A merchant cash advance (MCA) is a form of commercial financing in which a funder advances a business a lump sum and, in return, collects a fixed percentage of the business’s daily or weekly receipts until a predetermined ‘purchased amount’ is repaid. These deals are documented as Revenue Purchase Agreements or future receivables sale agreements, and they typically include daily or weekly ACH withdrawals, a personal guarantee, and a UCC-1 financing statement filed with the New York Department of State.

It is worth understanding why this distinction matters so much. A traditional loan is an absolute obligation: you must repay it on a fixed schedule no matter how your business performs, and the lender is capped by usury laws. A genuine receivables purchase shifts real risk to the funder — if your sales fall, the funder collects less and bears that downside. New York courts have developed a three-factor test, looking at (1) whether the agreement includes a meaningful reconciliation provision, (2) whether it has a finite term or an indefinite one, and (3) what happens if the merchant goes bankrupt. When all three factors point toward an absolute repayment obligation, courts increasingly recharacterize the deal as a loan. That recharacterization is the single most powerful lever in MCA defense, because a loan at MCA pricing almost always violates New York’s usury limits.

MCA agreements also bundle several other instruments that create downstream problems: a personal guarantee that exposes the owner’s personal assets, a UCC-1 financing statement that clouds the business’s receivables, and broad default provisions that let the funder accelerate the entire balance over a single missed or bounced ACH debit.
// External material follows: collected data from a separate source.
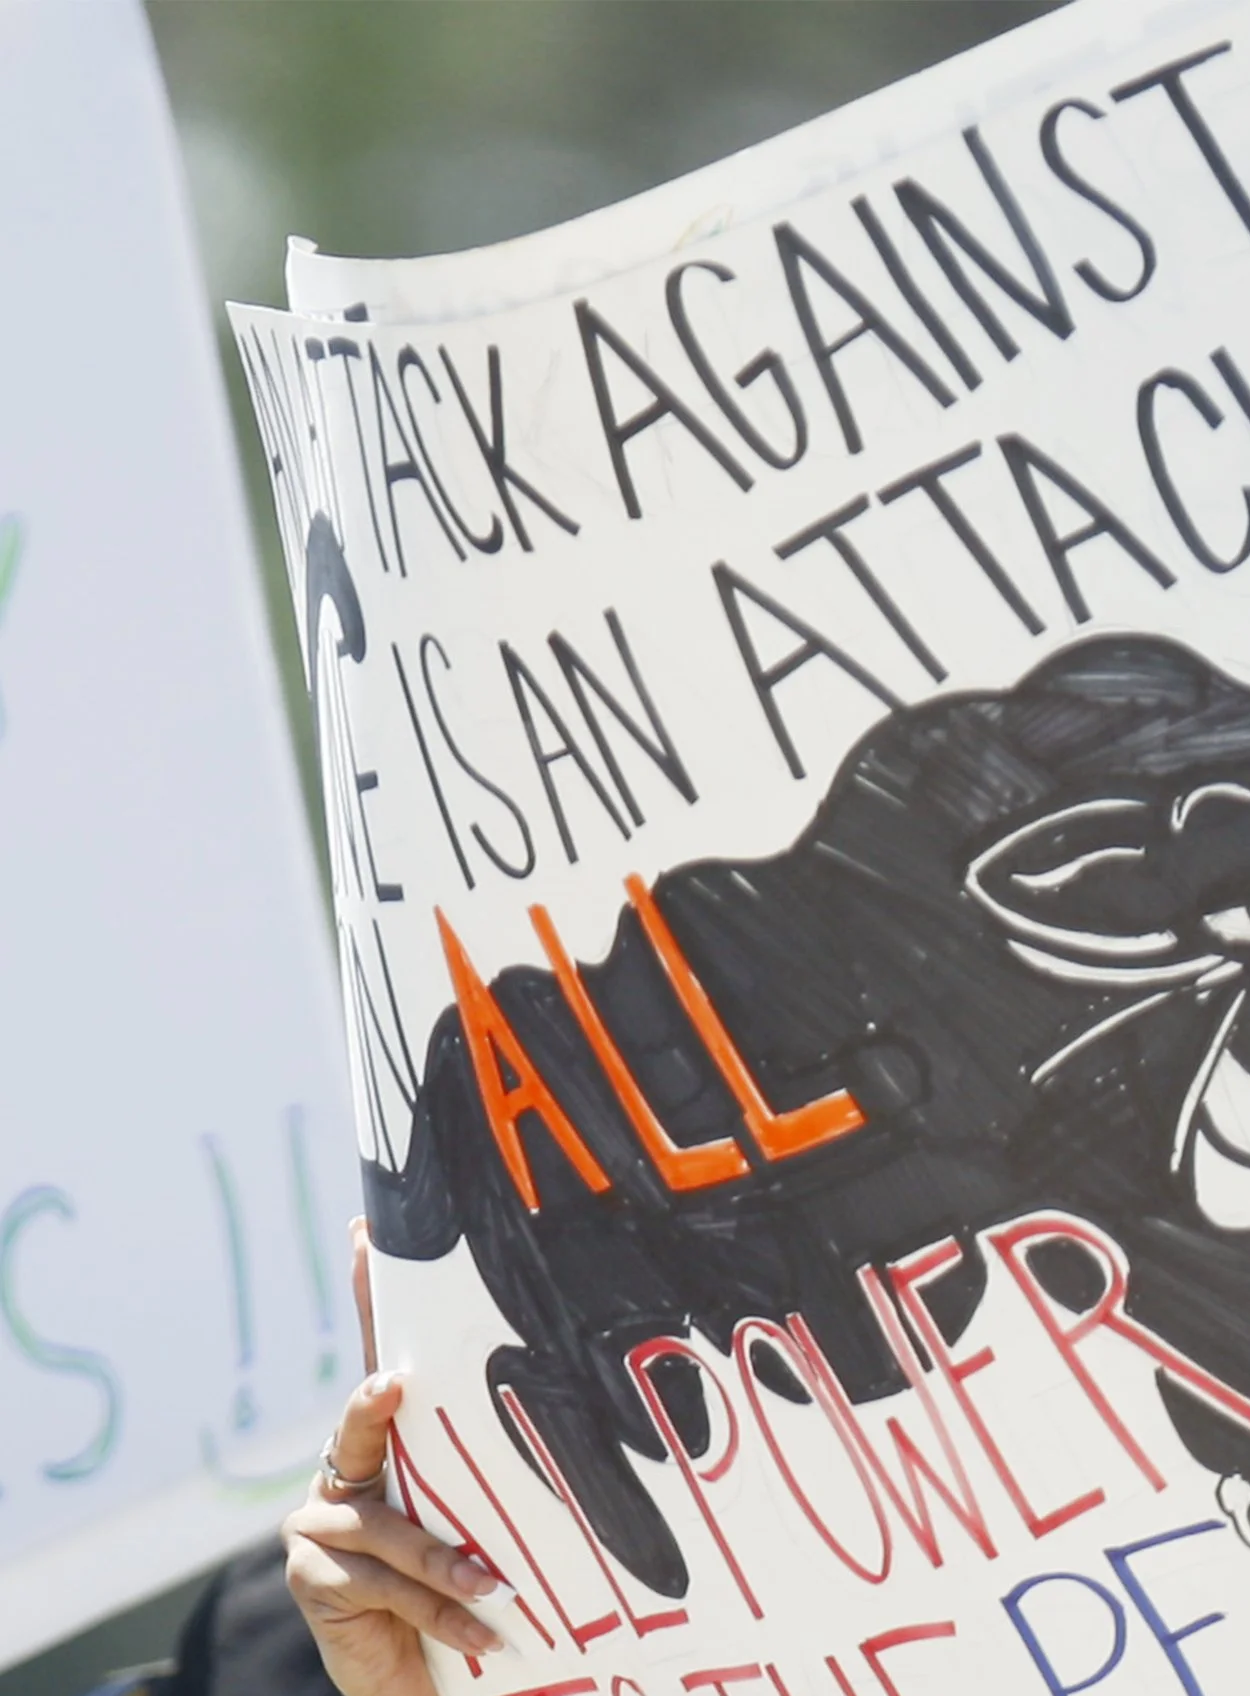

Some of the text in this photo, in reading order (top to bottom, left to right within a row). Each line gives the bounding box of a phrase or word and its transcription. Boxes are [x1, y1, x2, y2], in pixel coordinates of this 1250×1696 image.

[391, 633, 536, 890] IS
[498, 606, 700, 865] AN
[433, 872, 868, 1216] ALL
[387, 1388, 689, 1679] ALL
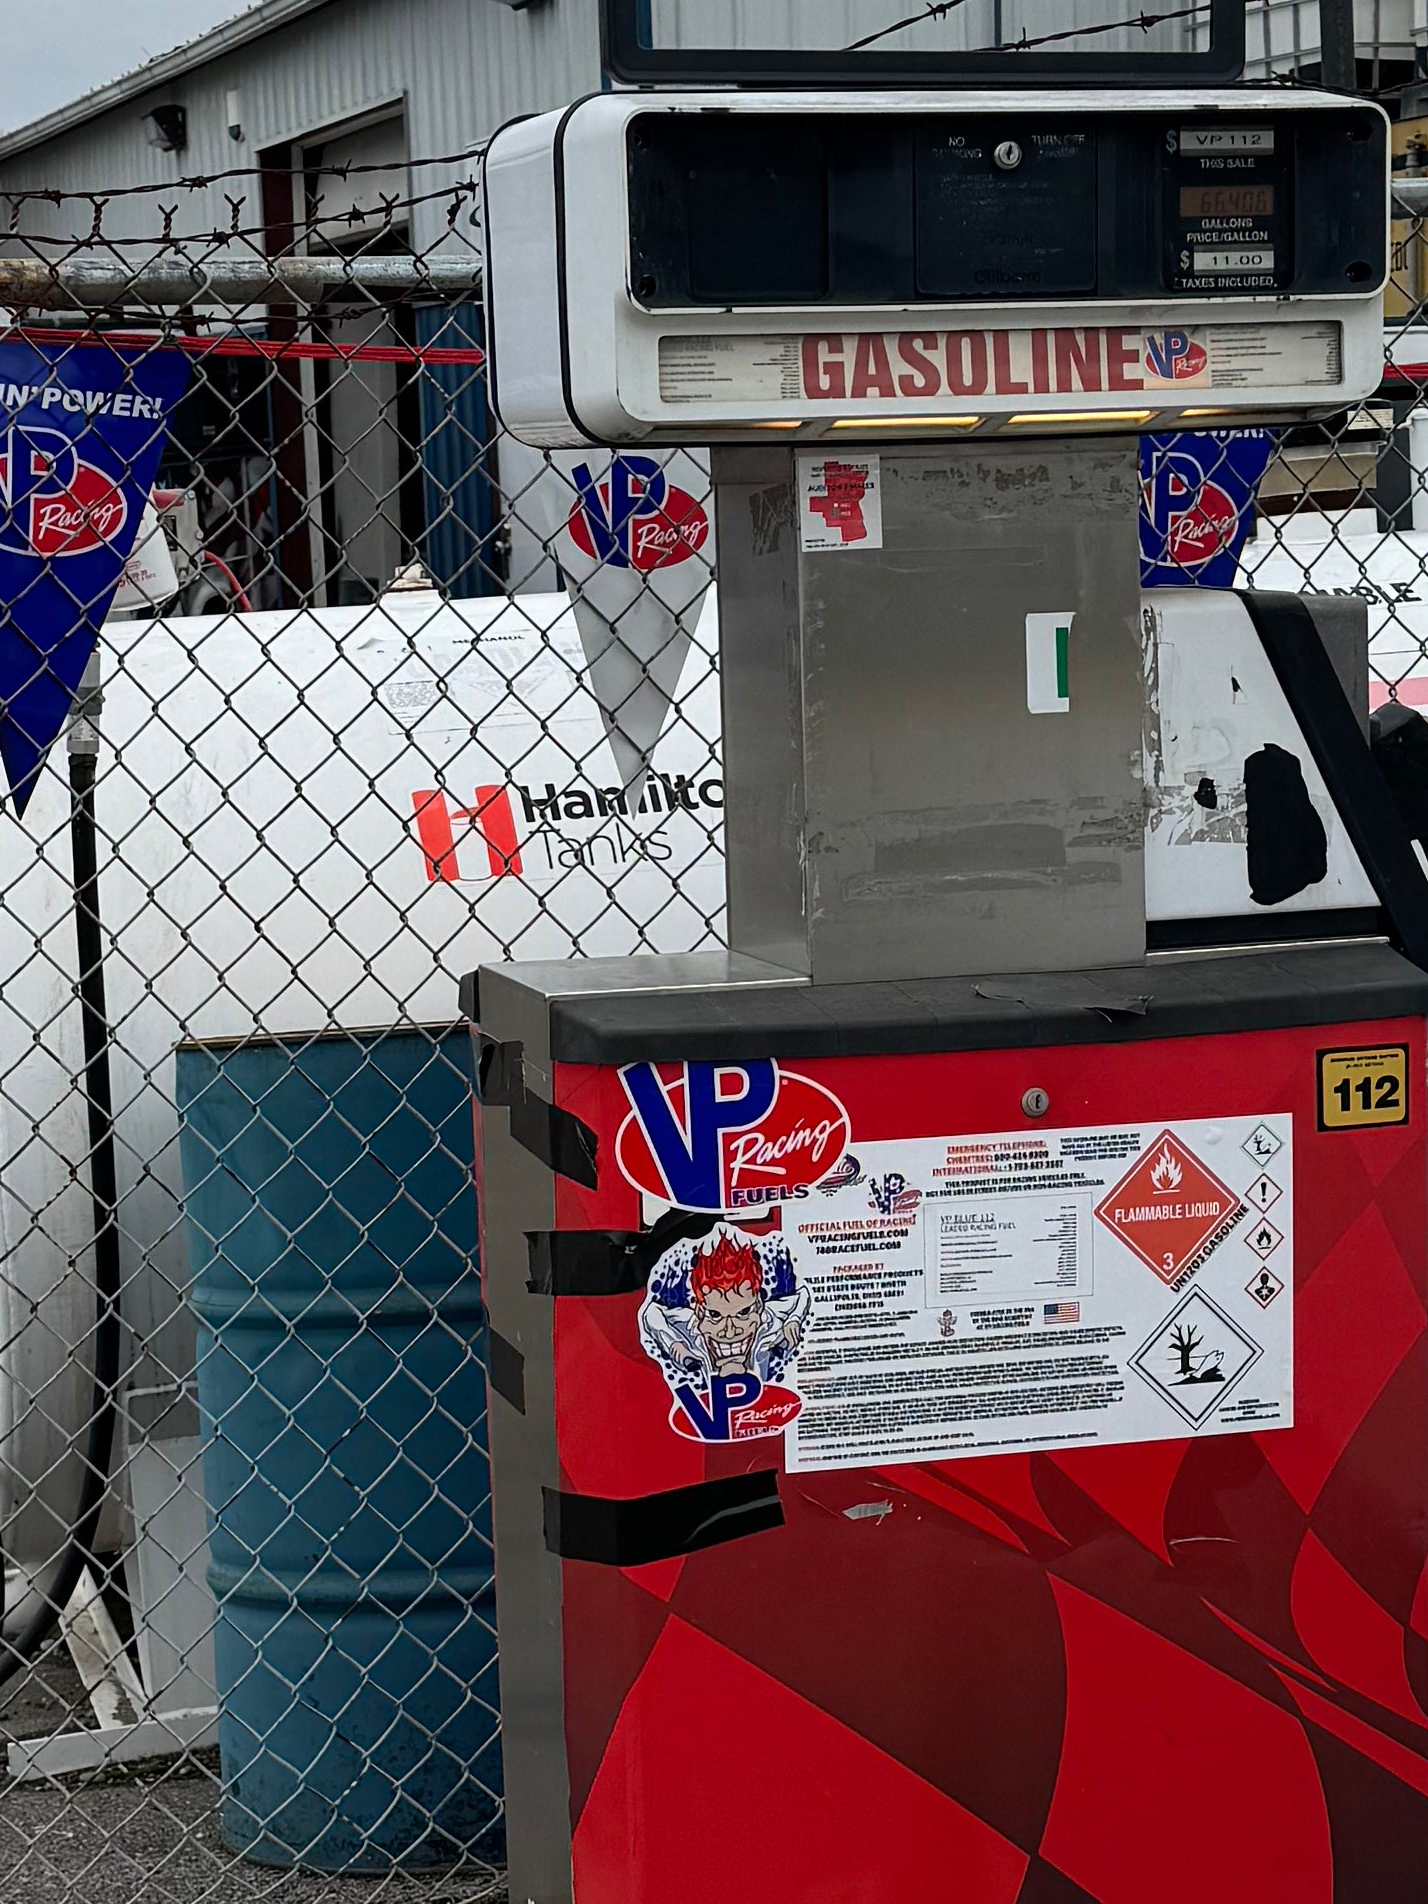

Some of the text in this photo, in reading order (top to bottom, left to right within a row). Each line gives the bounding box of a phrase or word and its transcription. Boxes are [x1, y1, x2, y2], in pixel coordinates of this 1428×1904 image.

[1196, 134, 1223, 145] VP
[1230, 134, 1262, 145] 112
[1186, 231, 1269, 243] PRICE/GALLON
[1201, 218, 1253, 229] GALLONS
[1180, 249, 1263, 271] $ 11.00
[1182, 278, 1215, 288] TAXES
[801, 327, 1144, 400] GASOLINE
[1146, 330, 1190, 379] VP
[41, 387, 163, 420] POWER!
[570, 455, 668, 569] VP
[637, 520, 708, 559] Racng
[528, 822, 673, 871] Tanks
[1333, 1074, 1401, 1112] 112
[619, 1058, 780, 1210] VP
[729, 1117, 846, 1188] Racing
[730, 1183, 810, 1207] FUELS
[1114, 1201, 1220, 1224] FLAMMABLE LIQUID
[1162, 1251, 1175, 1271] 3
[674, 1372, 764, 1441] VP
[733, 1400, 802, 1429] Racing
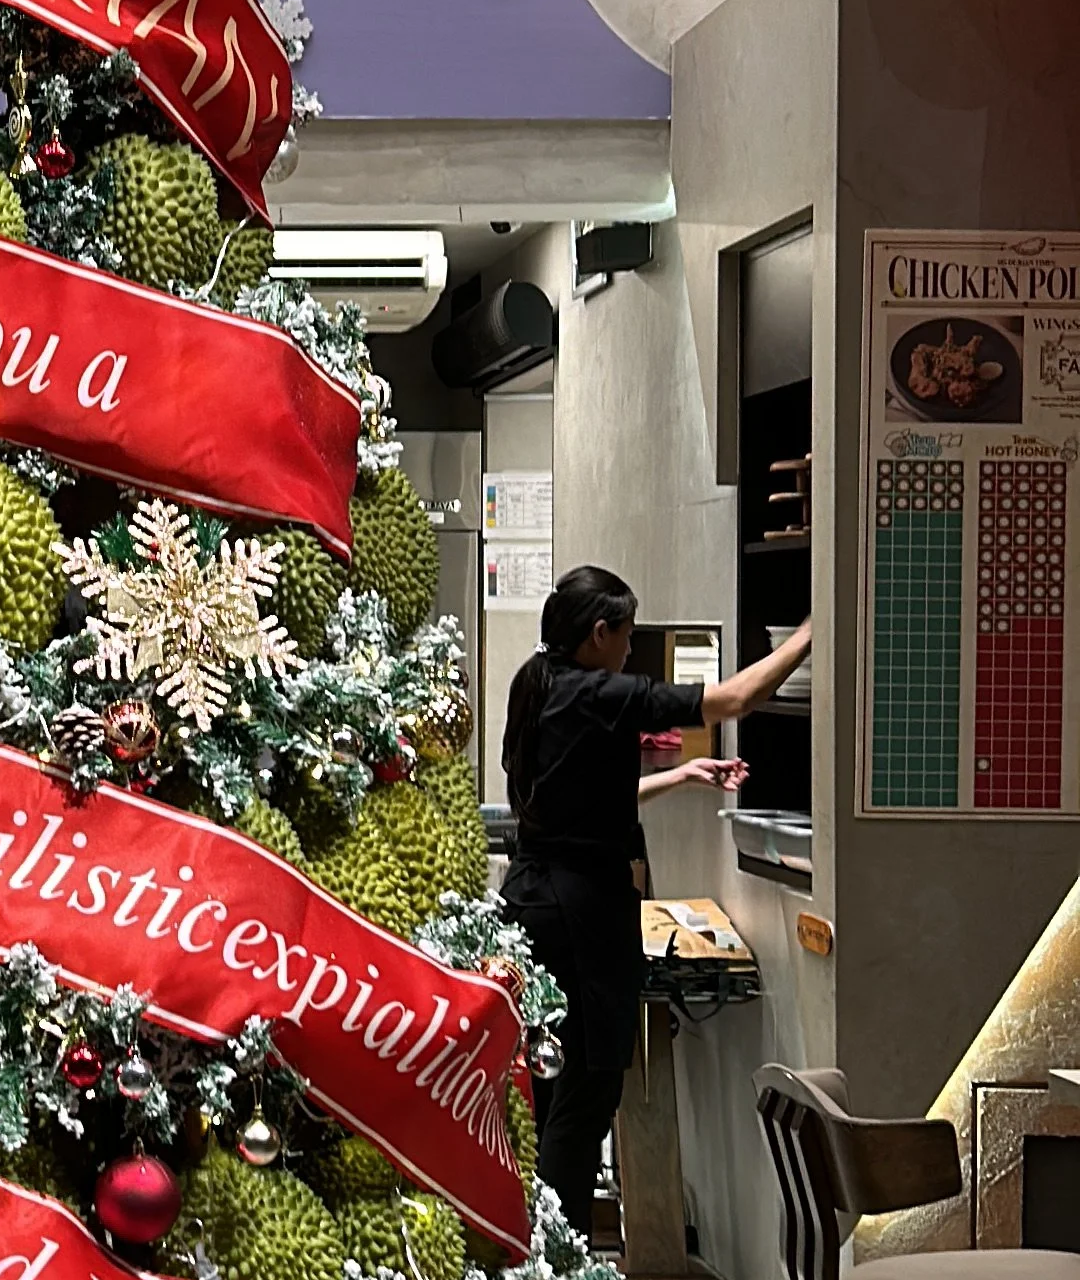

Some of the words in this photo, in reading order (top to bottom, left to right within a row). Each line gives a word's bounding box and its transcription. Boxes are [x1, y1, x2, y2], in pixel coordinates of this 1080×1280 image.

[887, 255, 1019, 300] CHICKEN
[77, 350, 128, 412] a
[985, 446, 1012, 457] HOT
[1015, 446, 1059, 457] HONEY
Each of these is a potential pressure point — and a potential defense — when the case is examined closely.

Why Manhattan Businesses Are Frequently Targeted

Manhattan is one of the densest small-business markets in the country, and MCA funders concentrate their marketing here — cold calls, broker emails, and “fast cash” offers that promise approval in hours with no collateral. High commercial rents, seasonal revenue swings, and the speed at which MCA funding is approved make New York County businesses especially likely to take an advance — and especially likely to fall behind when revenue dips. The same speed that makes an MCA attractive in a cash crunch is what makes it dangerous: there is little underwriting, little disclosure of the true effective rate, and a daily-debit structure that assumes revenue will never decline. Industries that see the most MCA litigation in Manhattan include:

  • Restaurants and bars — thin margins and seasonal swings make daily ACH debits hard to sustain.
  • Retail and ecommerce — inventory cycles and chargebacks create cash-flow gaps.
  • Construction and contractors — slow receivables and project-based income clash with fixed daily payments.
  • Medical and dental practices — insurance reimbursement delays strain repayment schedules.
  • Transportation and trucking companies — fuel costs and equipment financing stack on top of MCA debt.
  • Professional services firms — irregular billing cycles can trigger missed payments and default claims.

Many businesses also stack multiple advances, taking a second or third MCA to cover the first. When the daily debits exceed what the business can absorb, the funder declares a default, files suit in the New York County Supreme Court, and pursues collection. If that describes your situation, learn how to fight back against an MCA lawsuit.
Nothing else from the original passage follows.